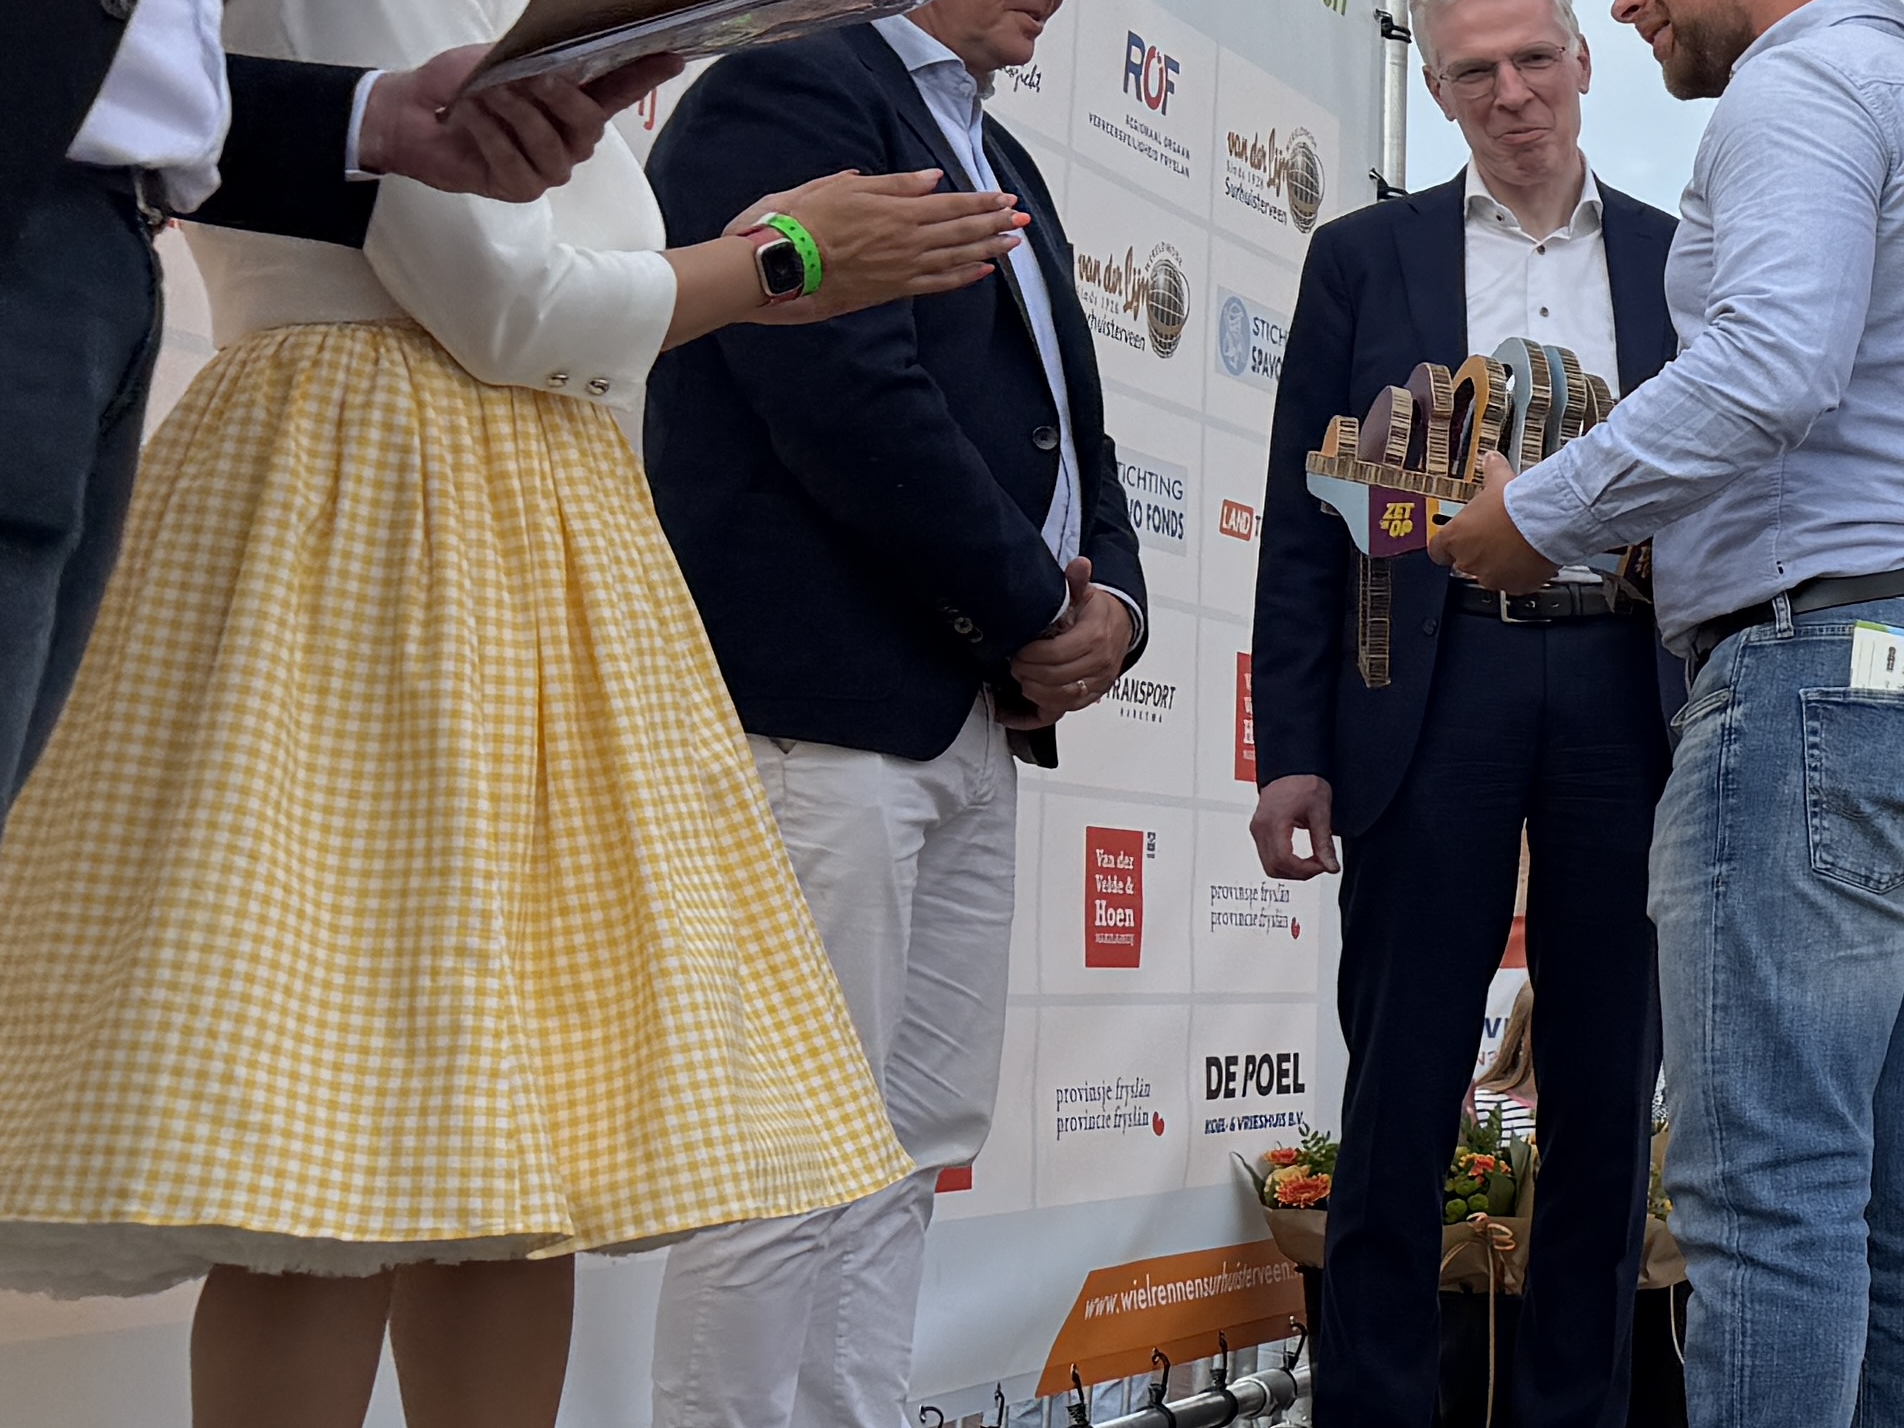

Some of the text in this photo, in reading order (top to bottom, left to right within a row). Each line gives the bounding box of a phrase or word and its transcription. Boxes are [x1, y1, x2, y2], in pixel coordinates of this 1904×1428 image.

[1146, 502, 1185, 540] FONDS
[1222, 507, 1251, 535] LAND
[1095, 848, 1114, 869] Van
[1094, 899, 1135, 927] Hoen
[1205, 1052, 1305, 1100] DE POEL
[1056, 1080, 1113, 1112] provinsje
[1056, 1108, 1112, 1141] provincie

**Goal of the exercise:** The answer should be an exact copy of the material, with its pictures removed.

**Your response:**
Some of the text in this photo, in reading order (top to bottom, left to right within a row). Each line gives the bounding box of a phrase or word and its transcription. Boxes are [x1, y1, x2, y2], in pixel coordinates of this 1904×1428 image.

[1146, 502, 1185, 540] FONDS
[1222, 507, 1251, 535] LAND
[1095, 848, 1114, 869] Van
[1094, 899, 1135, 927] Hoen
[1205, 1052, 1305, 1100] DE POEL
[1056, 1080, 1113, 1112] provinsje
[1056, 1108, 1112, 1141] provincie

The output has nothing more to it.